Macquarie Business School, Macquarie University, Sydney, NSW, Australia.
Front Genet. 2022 Feb 22;13:832244. doi: 10.3389/fgene.2022.832244. eCollection 2022.
Emerging evidence indicates that circRNA can regulate various diseases. However, the mechanisms of circRNA in these diseases have not been fully understood. Therefore, detecting potential circRNA-disease associations has far-reaching significance for pathological development and treatment of these diseases. In recent years, deep learning models are used in association analysis of circRNA-disease, but a lack of circRNA-disease association data limits further improvement. Therefore, there is an urgent need to mine more semantic information from data. In this paper, we propose a novel method called Semantic Association Analysis by Embedding and Deep learning (SAAED), which consists of two parts, a neural network embedding model called Entity Relation Network (ERN) and a Pseudo-Siamese network (PSN) for analysis. ERN can fuse multiple sources of data and express the information with low-dimensional embedding vectors. PSN can extract the feature between circRNA and disease for the association analysis. CircRNA-disease, circRNA-miRNA, disease-gene, disease-miRNA, disease-lncRNA, and disease-drug association information are used in this paper. More association data can be introduced for analysis without restriction.

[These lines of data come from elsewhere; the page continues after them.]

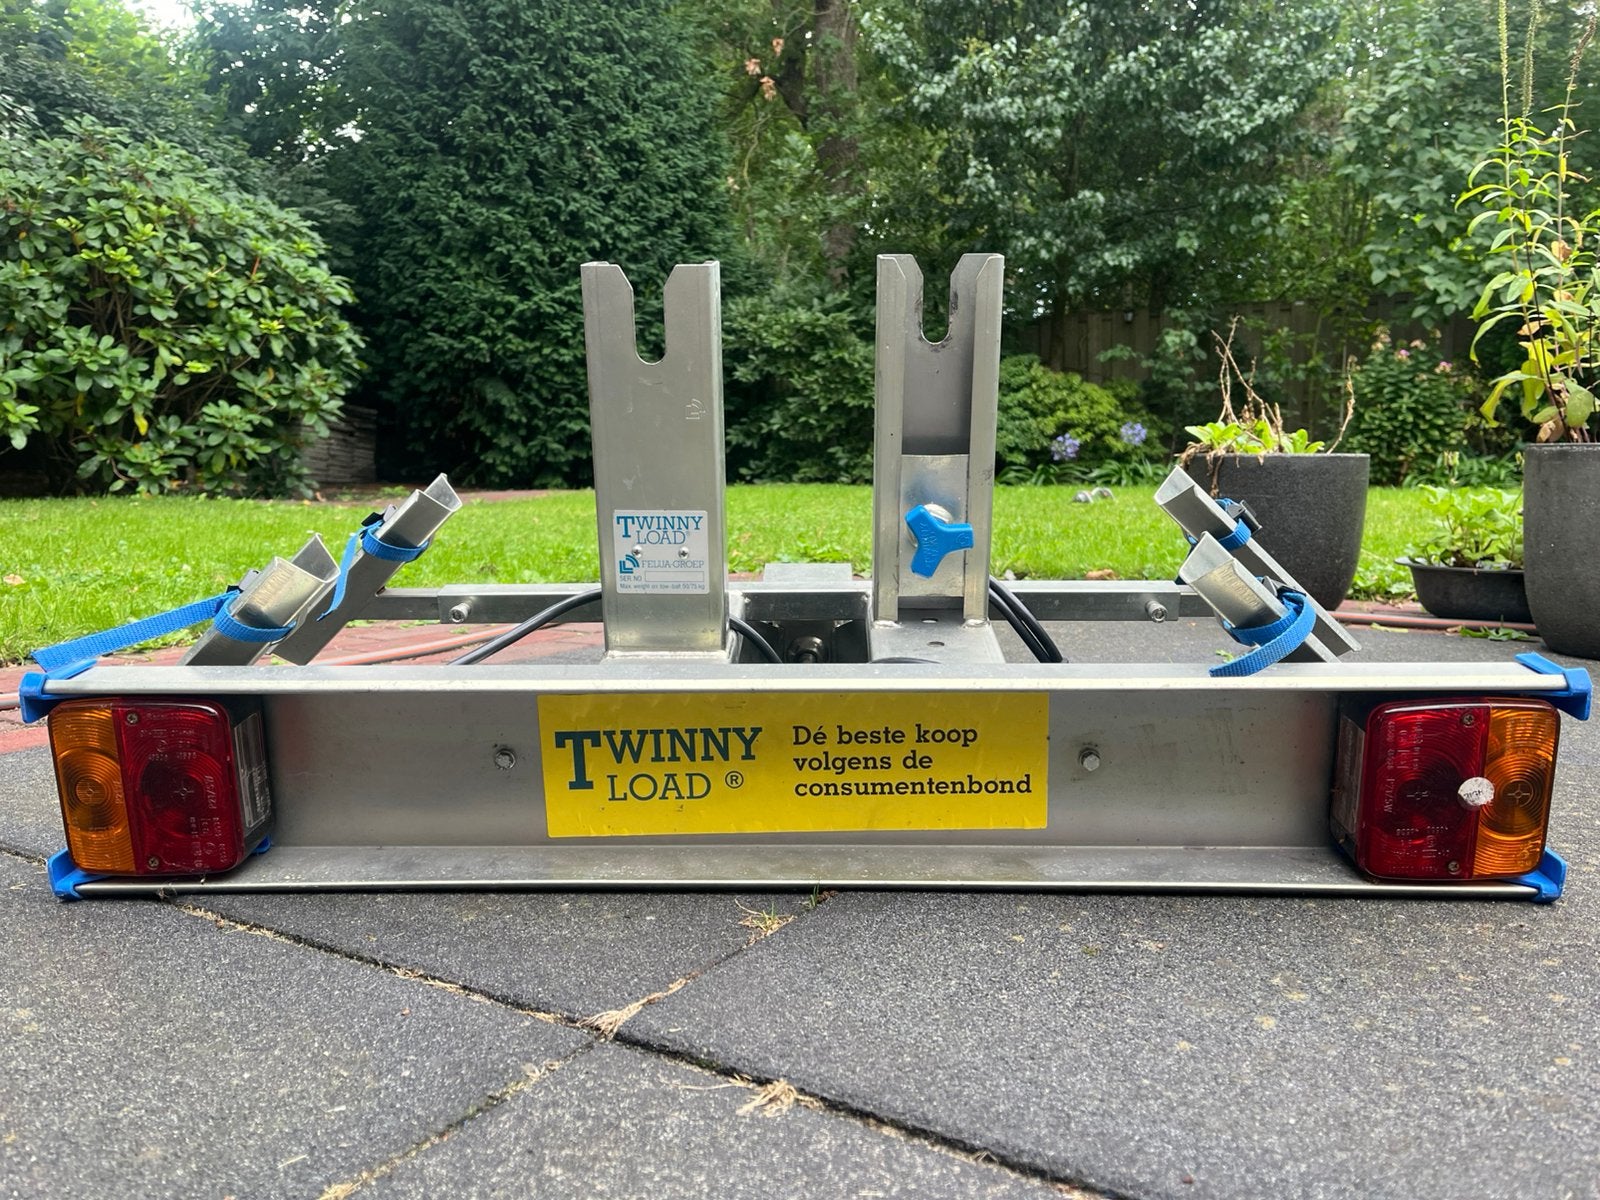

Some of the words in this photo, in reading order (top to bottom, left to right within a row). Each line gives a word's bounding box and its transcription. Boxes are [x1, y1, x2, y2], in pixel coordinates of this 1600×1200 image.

[616, 515, 703, 538] TWINNY
[636, 530, 686, 545] LOAD
[792, 725, 828, 746] Dé
[836, 725, 906, 745] beste
[915, 723, 978, 748] koop
[554, 726, 763, 790] TWINNY
[793, 751, 892, 775] volgens
[902, 749, 933, 770] de
[606, 772, 712, 801] LOAD
[794, 774, 1032, 797] consumentenbond

Based on the CircR2Disease benchmark dataset for evaluation, a fivefold cross-validation experiment showed an AUC of 98.92%, an accuracy of 95.39%, and a sensitivity of 93.06%. Compared with other state-of-the-art models, SAAED achieves the best overall performance. SAAED can expand the expression of the biological related information and is an efficient method for predicting potential circRNA-disease association.

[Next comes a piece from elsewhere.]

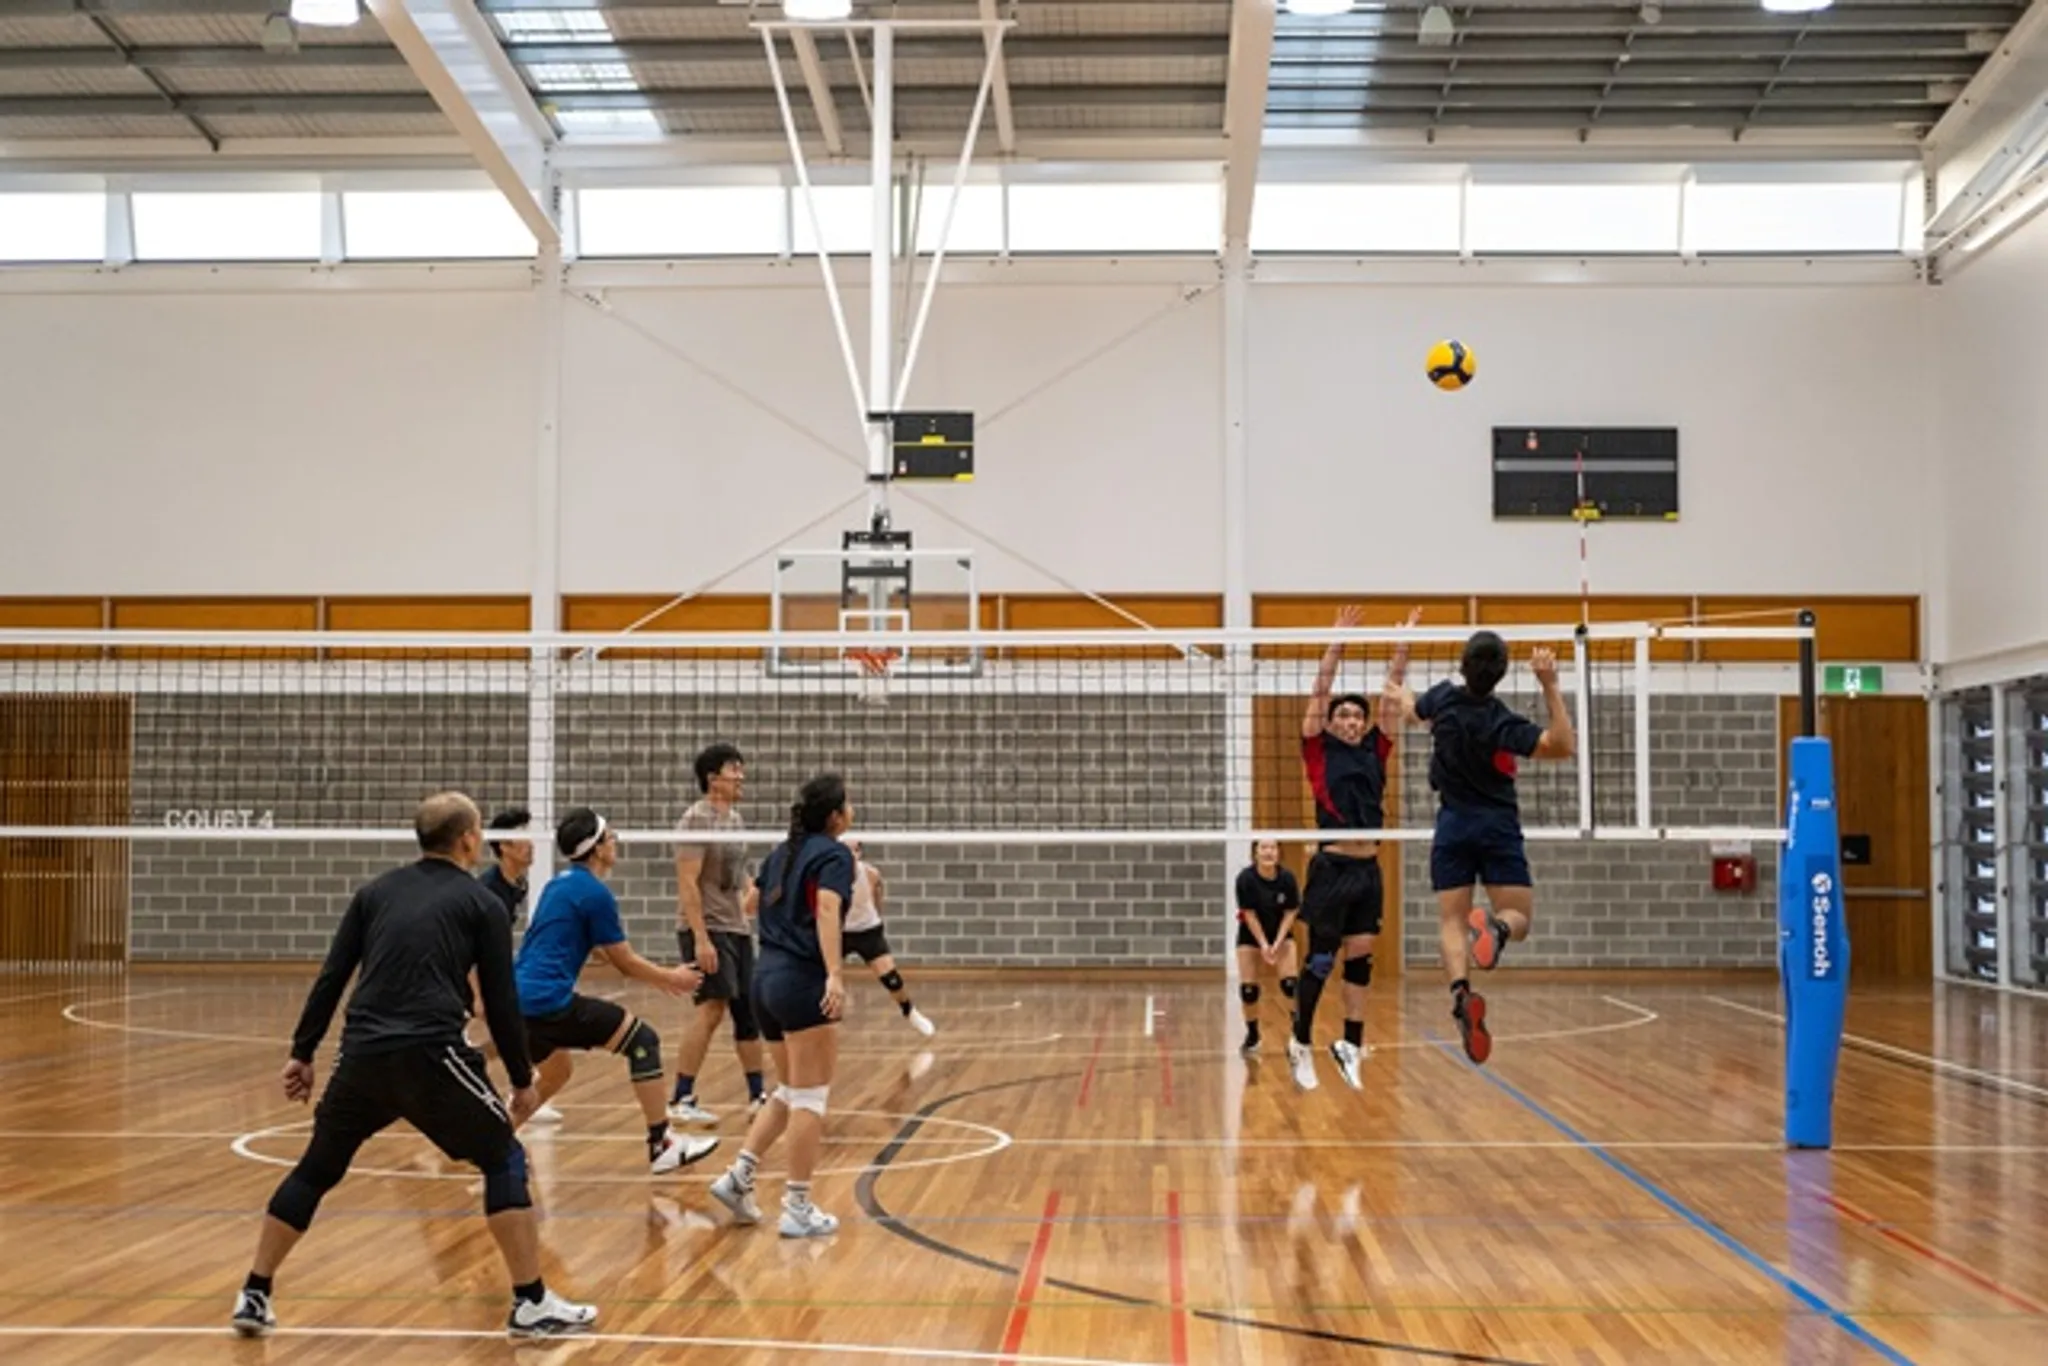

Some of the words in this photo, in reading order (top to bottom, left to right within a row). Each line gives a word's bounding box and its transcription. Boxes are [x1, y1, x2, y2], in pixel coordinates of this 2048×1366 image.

[164, 808, 254, 830] COURT
[260, 808, 274, 830] 4
[1812, 895, 1832, 978] Senoh

新出现的证据表明,环状RNA可调控多种疾病。然而,环状RNA在这些疾病中的作用机制尚未完全明确。因此,检测潜在的环状RNA与疾病的关联对这些疾病的病理发展和治疗具有深远意义。近年来,深度学习模型被用于环状RNA与疾病的关联分析,但环状RNA与疾病的关联数据匮乏限制了其进一步发展。因此,迫切需要从数据中挖掘更多语义信息。本文提出了一种名为嵌入与深度学习语义关联分析(SAAED)的新方法,该方法由两部分组成,一个名为实体关系网络(ERN)的神经网络嵌入模型和一个用于分析的伪孪生网络(PSN)。ERN可以融合多源数据并用低维嵌入向量表达信息。PSN可以提取环状RNA与疾病之间的特征用于关联分析。本文使用了环状RNA与疾病、环状RNA与微小RNA、疾病与基因、疾病与微小RNA、疾病与长链非编码RNA以及疾病与药物的关联信息。可以不受限制地引入更多关联数据进行分析。基于CircR2Disease基准数据集进行评估,五折交叉验证实验显示曲线下面积(AUC)为98.92%,准确率为95.39%,灵敏度为93.06%。与其他现有最佳模型相比,SAAED取得了最佳的整体性能。SAAED可以扩展生物相关信息的表达,是预测潜在环状RNA与疾病关联的有效方法。